Examples‎ > ‎

    Outlier Detection


    This page shows an example on outlier detection with the LOF (Local Outlier Factor) algorithm.

    The LOF algorithm

    LOF (Local Outlier Factor) is an algorithm for identifying density-based local outliers [Breunig et al., 2000]. With LOF, the local density of a point is compared with that of its neighbors. If the former is signi.cantly lower than the latter (with an LOF value greater than one), the point is in a sparser region than its neighbors, which suggests it be an outlier.

    Function lofactor(data, k) in packages DMwR and dprep calculates local outlier factors using the LOF algorithm, where k is the number of neighbors used in the calculation of the local outlier factors.

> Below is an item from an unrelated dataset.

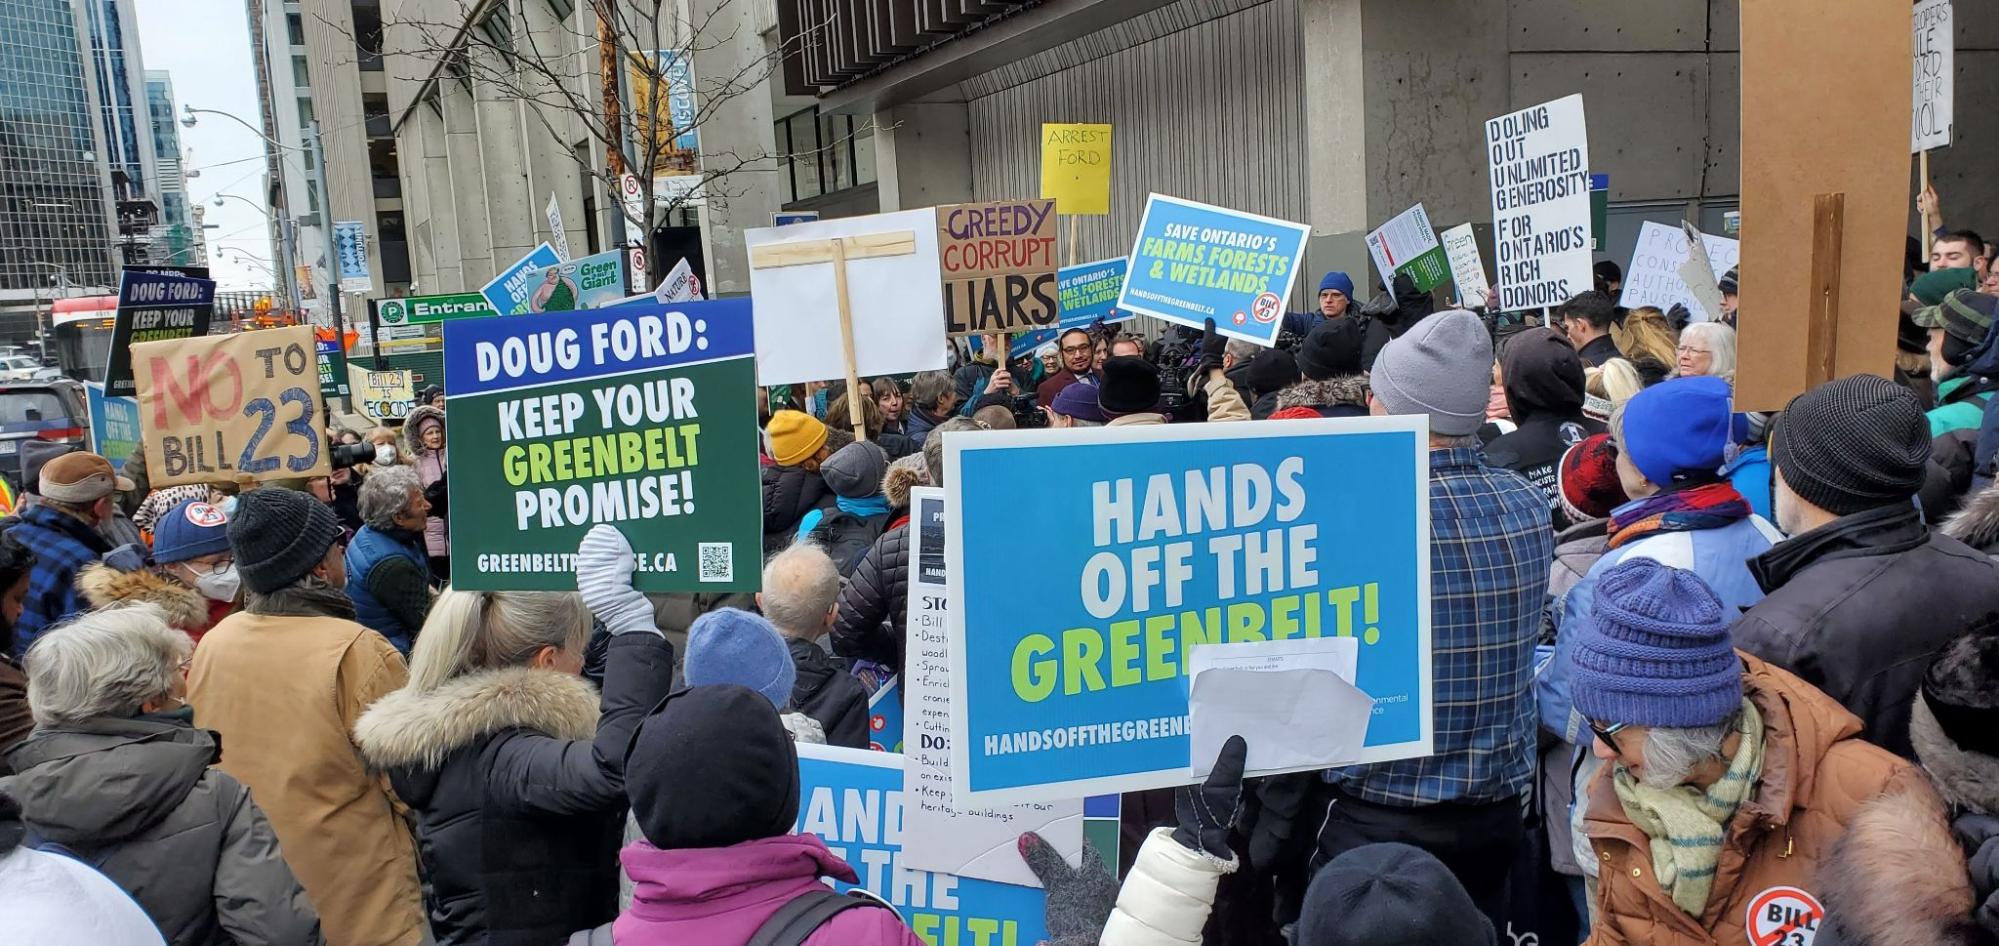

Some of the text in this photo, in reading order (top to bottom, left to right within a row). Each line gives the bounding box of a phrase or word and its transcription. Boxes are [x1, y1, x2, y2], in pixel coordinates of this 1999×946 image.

    Calculate Outlier Scores

    > library(DMwR)
    > # remove "Species", which is a categorical column
    > iris2 <- iris[,1:4]
    > outlier.scores <- lofactor(iris2, k=5)
    > plot(density(outlier.scores))


    A density plot of outlier scores


    > # pick top 5 as outliers
    > outliers <- order(outlier.scores, decreasing=T)[1:5]
    > # who are outliers
    > print(outliers)
    [1] 42 107 23 110 63


    Visualize Outliers with Plots

    Next, we show outliers with a biplot of the first two principal components.

    > n <- nrow(iris2)
    > labels <- 1:n
    > labels[-outliers] <- "."
    > biplot(prcomp(iris2), cex=.8, xlabs=labels)


    Visualization of outliers in a biplot of the 1st two principal components


    We can also show outliers with a pairs plot as below, where outliers are labeled with "+" in red.

    > pch <- rep(".", n)
    > pch[outliers] <- "+"
    > col <- rep("black", n)
    > col[outliers] <- "red"
    > pairs(iris2, pch=pch, col=col)


    Visualization of outliers with a matrix of scatter plots


    Parallel Computation of LOF Scores

    Package Rlof provides function lof(), a parallel implementation of the LOF algorithm. Its usage is similar to the above lofactor(), but lof() has two additional features of supporting multiple values of k and several choices of distance metrics. Below is an example of lof().

    > library(Rlof)
    > outlier.scores <- lof(iris2, k=5)
    > # try with different number of neighbors (k = 5,6,7,8,9 and 10)
    > outlier.scores <- lof(iris2, k=c(5:10))